Fernando Diniz optou por poupar titulares e montou uma equipe praticamente reserva com olhos nos próximos duelos pela Copa do Brasil. O Corinthians teve postura compacta e segurança defensiva na Arena, mas pagou o preço pela escalação: pouca criatividade e menor profundidade para furar a retranca adversária.
Raniele acabou sendo o nome do jogo. Improvisado na zaga, o volante se mostrou consistente: ganhou a maioria dos duelos, fez desarmes e cortes importantes e ainda ajudou na saída de bola. Em um lance no segundo tempo cortou um cruzamento perigoso e, aos 44 minutos, fez outra intervenção de peso para evitar apertos maiores.

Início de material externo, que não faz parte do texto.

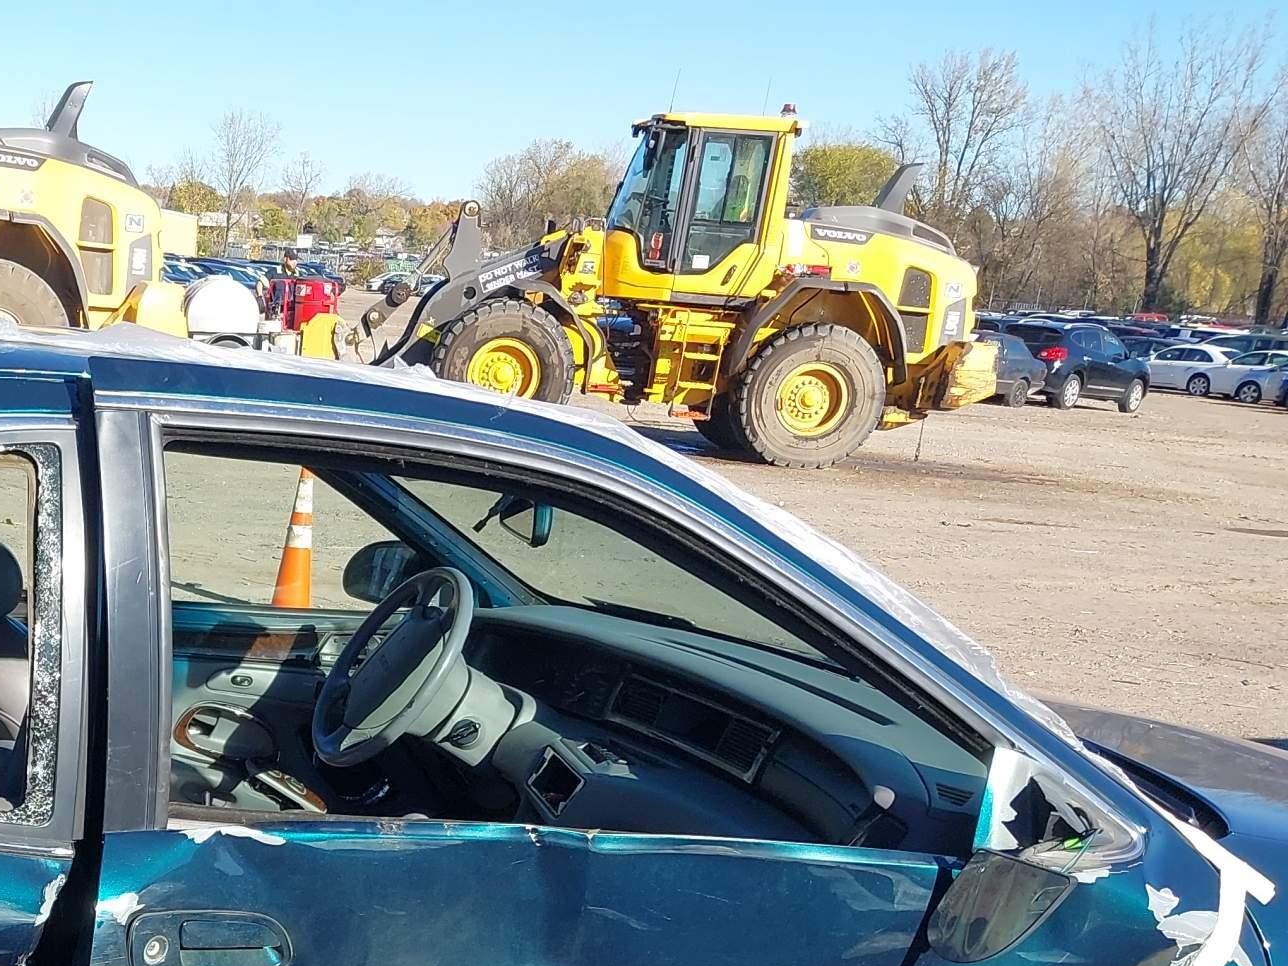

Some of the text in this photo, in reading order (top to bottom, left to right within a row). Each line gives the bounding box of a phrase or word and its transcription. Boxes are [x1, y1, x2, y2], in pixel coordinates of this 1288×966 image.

O setor ofensivo não encontrou fluidez. A ausência de Matheuzinho reduziu a chegada pela direita e os passes finais raramente ofereceram risco consistente ao Athletico. As substituições deram mais presença ofensiva na etapa final; Yuri Alberto apareceu como referência e somou três finalizações em 29 minutos, mas saiu lesionado, o que acentuou a indisponibilidade criativa.
O empate expõe o dilema de Diniz: preservar atletas para a Copa do Brasil é estratégia defensável, porém deixa o time com menos alternativas diante de lesões e sem garantias de eficácia ofensiva. A comissão técnica precisa recuperar peças e aprimorar as soluções de ataque para os confrontos decisivos que se aproximam.